*** Opening of Excerpted records ***

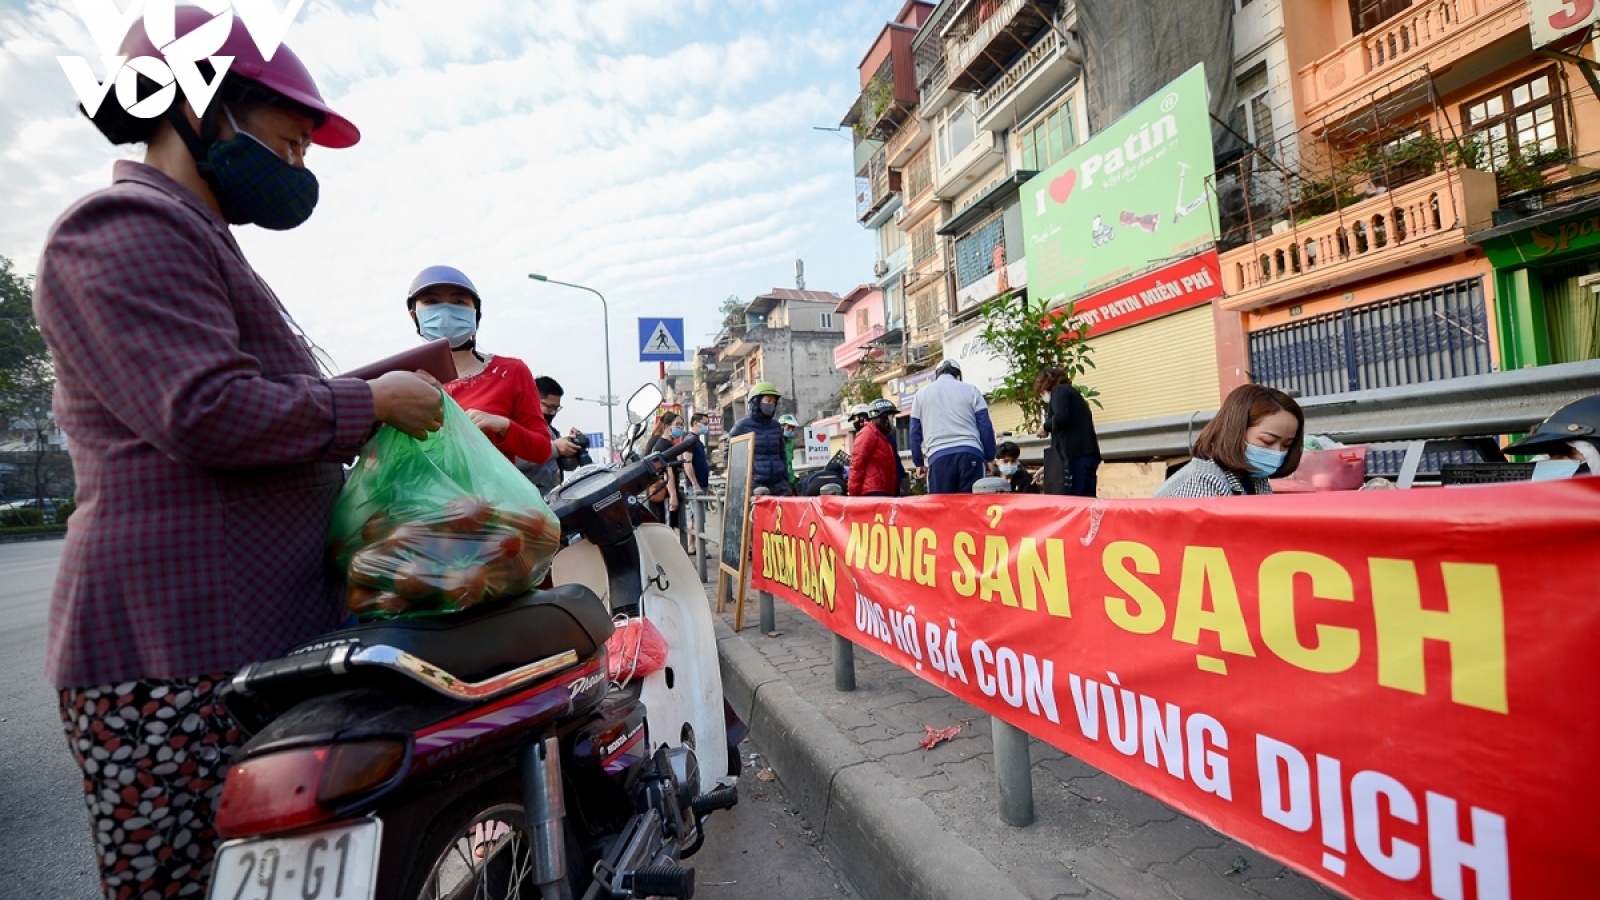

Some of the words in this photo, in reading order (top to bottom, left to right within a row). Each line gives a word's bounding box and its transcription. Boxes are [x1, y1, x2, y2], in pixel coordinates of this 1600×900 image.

[1035, 188, 1046, 216] I
[1080, 114, 1178, 190] Patin
[1100, 294, 1142, 320] PATIN
[1180, 266, 1214, 293] PHÍ
[799, 521, 837, 613] BÁN
[845, 513, 937, 588] NÔNG
[951, 505, 1072, 618] SẢN
[1101, 539, 1509, 715] SẠCH
[888, 604, 923, 671] HỘ
[925, 617, 969, 685] BÀ
[970, 639, 1061, 725] CON
[1069, 670, 1233, 802] VÙNG
[1255, 733, 1512, 900] DỊCH
[232, 833, 351, 900] 29-G1
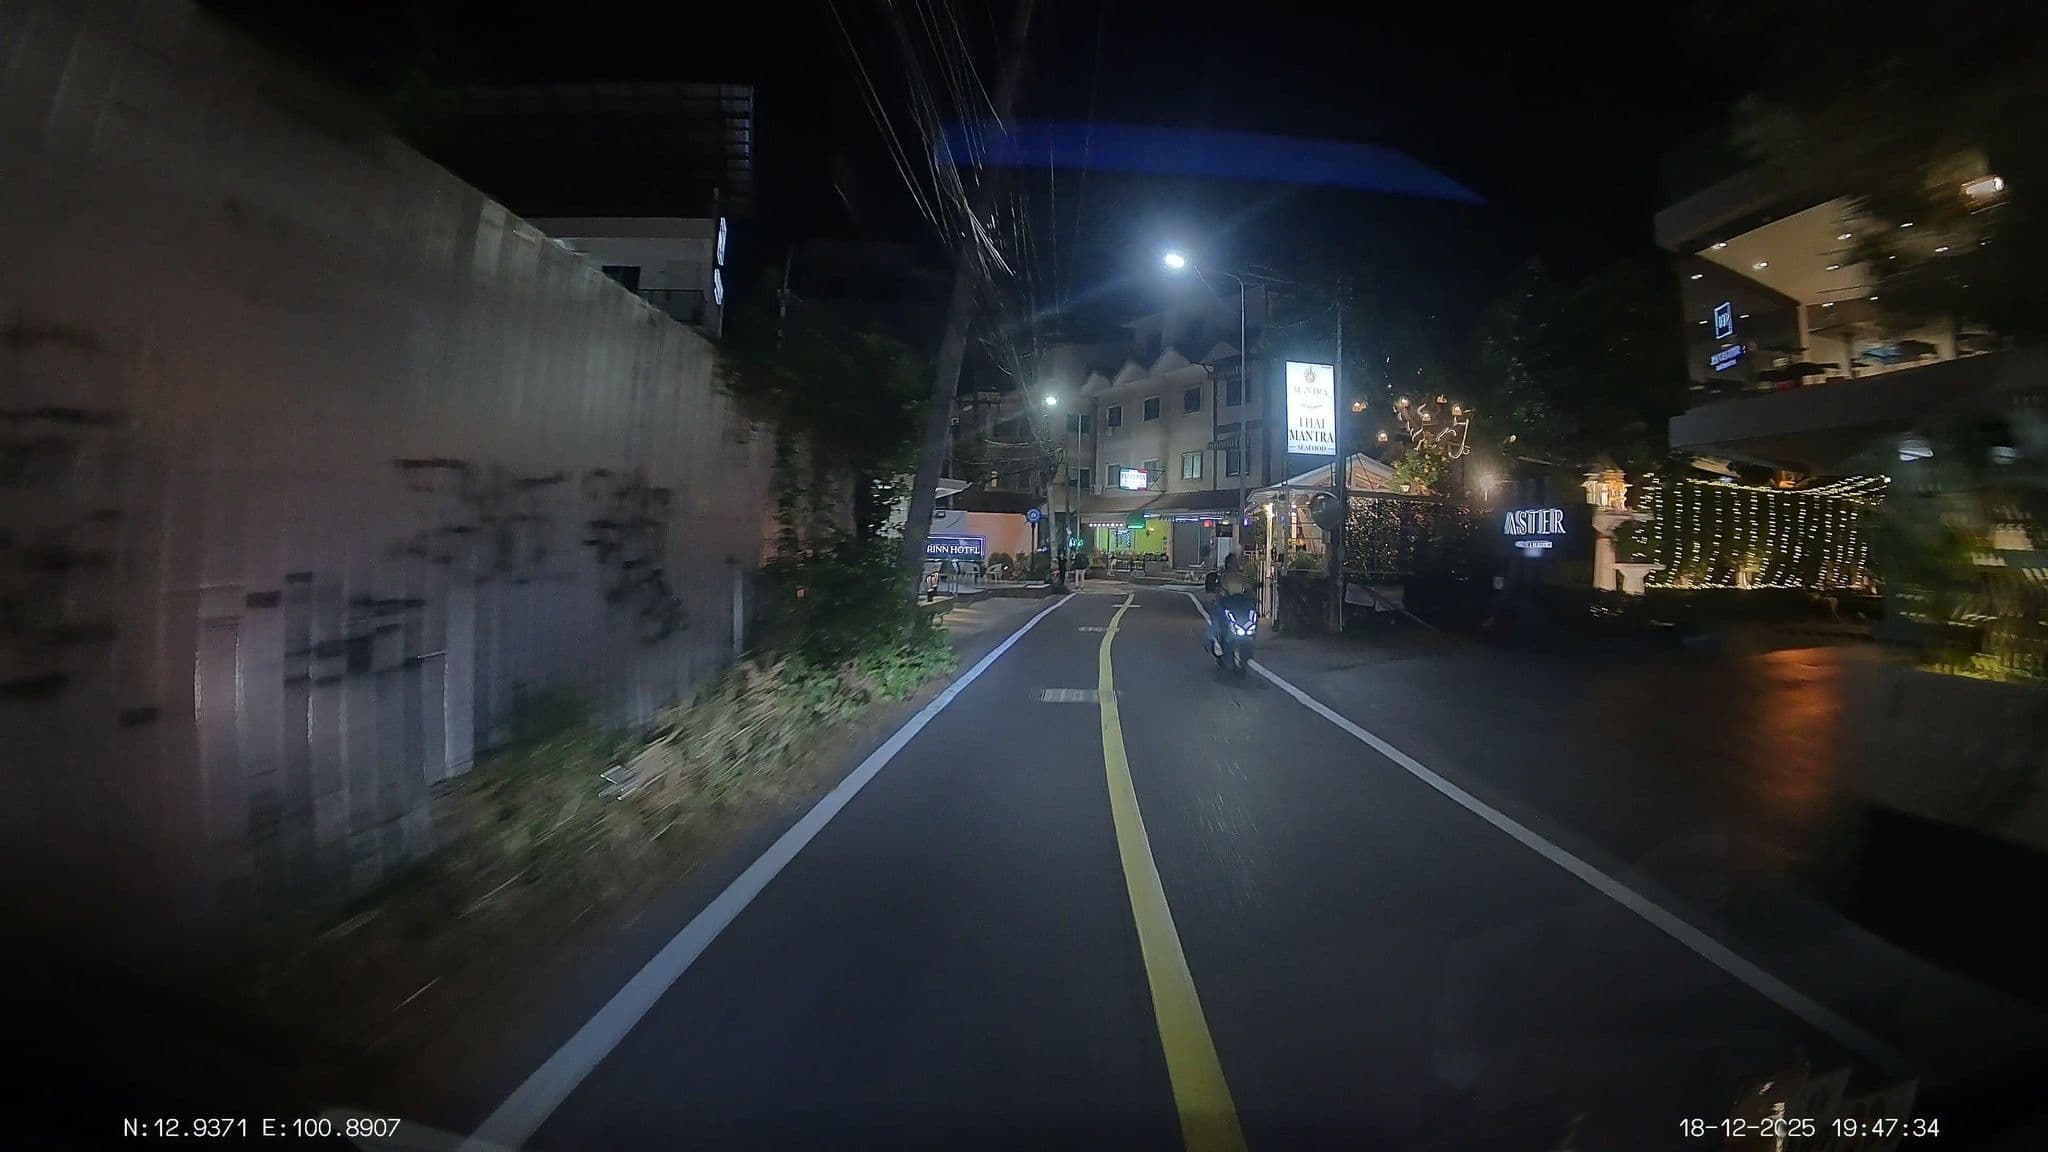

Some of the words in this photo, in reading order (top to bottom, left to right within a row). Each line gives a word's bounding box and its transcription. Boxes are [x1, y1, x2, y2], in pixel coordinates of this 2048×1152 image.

[1299, 416, 1325, 429] THAI
[1289, 429, 1334, 443] MANTRA
[1297, 444, 1327, 452] SEAFOOD
[1504, 509, 1566, 535] ASTER
[950, 545, 981, 554] HOTEL

*** Close of Excerpted records ***

• Your goal
An exact copy of the lines from the one with "this 2048×1152 image." to the final line of the entries is all that the answer should hold.

• Written response
Some of the words in this photo, in reading order (top to bottom, left to right within a row). Each line gives a word's bounding box and its transcription. Boxes are [x1, y1, x2, y2], in pixel coordinates of this 2048×1152 image.

[1299, 416, 1325, 429] THAI
[1289, 429, 1334, 443] MANTRA
[1297, 444, 1327, 452] SEAFOOD
[1504, 509, 1566, 535] ASTER
[950, 545, 981, 554] HOTEL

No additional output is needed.